[Phrase grounding data]

= = = =

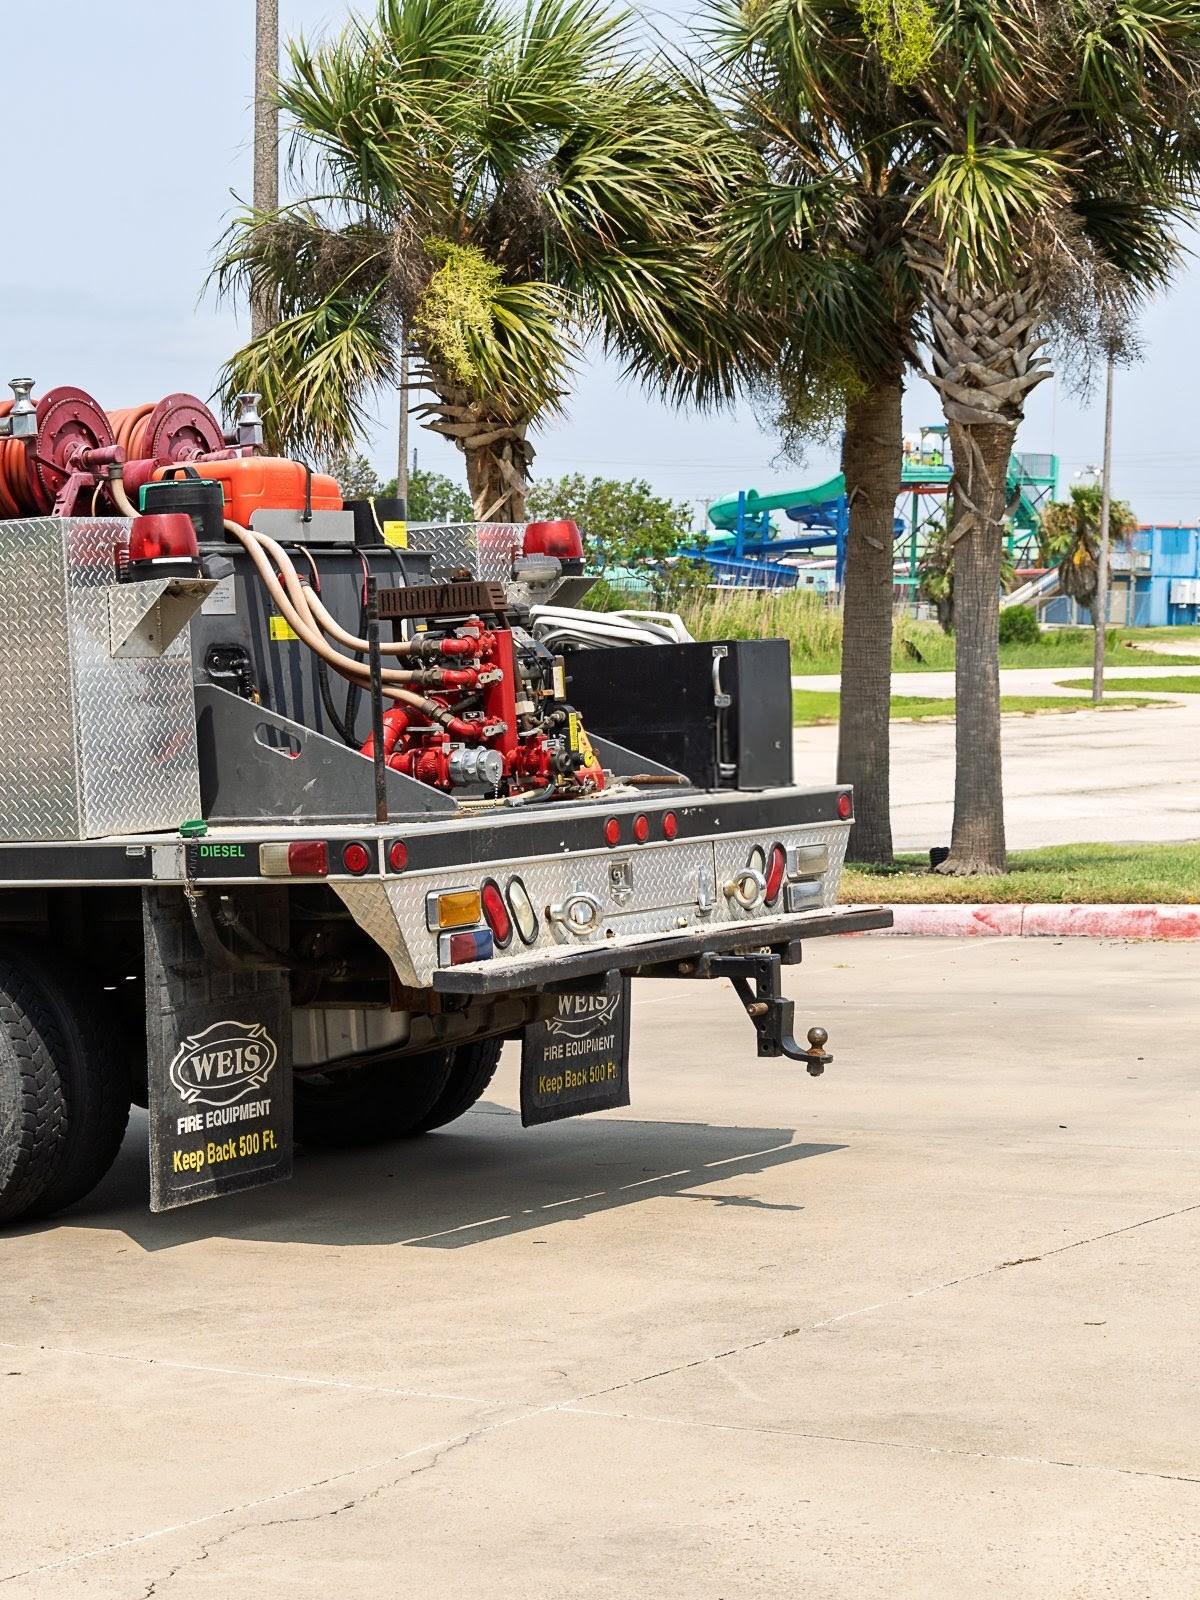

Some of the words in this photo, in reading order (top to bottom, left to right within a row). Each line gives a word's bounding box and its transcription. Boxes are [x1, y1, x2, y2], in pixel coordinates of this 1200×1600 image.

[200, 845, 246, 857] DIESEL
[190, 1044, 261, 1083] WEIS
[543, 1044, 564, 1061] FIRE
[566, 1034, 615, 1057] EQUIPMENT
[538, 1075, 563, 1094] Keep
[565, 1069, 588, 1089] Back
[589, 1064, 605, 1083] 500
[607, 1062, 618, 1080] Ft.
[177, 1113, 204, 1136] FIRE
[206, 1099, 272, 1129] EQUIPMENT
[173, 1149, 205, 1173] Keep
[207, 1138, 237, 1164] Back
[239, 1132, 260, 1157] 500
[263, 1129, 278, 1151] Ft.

= = = =

Exercise:
Apart from the pictures, all of the data should be repeated exactly.

Written answer:
Some of the words in this photo, in reading order (top to bottom, left to right within a row). Each line gives a word's bounding box and its transcription. Boxes are [x1, y1, x2, y2], in pixel coordinates of this 1200×1600 image.

[200, 845, 246, 857] DIESEL
[190, 1044, 261, 1083] WEIS
[543, 1044, 564, 1061] FIRE
[566, 1034, 615, 1057] EQUIPMENT
[538, 1075, 563, 1094] Keep
[565, 1069, 588, 1089] Back
[589, 1064, 605, 1083] 500
[607, 1062, 618, 1080] Ft.
[177, 1113, 204, 1136] FIRE
[206, 1099, 272, 1129] EQUIPMENT
[173, 1149, 205, 1173] Keep
[207, 1138, 237, 1164] Back
[239, 1132, 260, 1157] 500
[263, 1129, 278, 1151] Ft.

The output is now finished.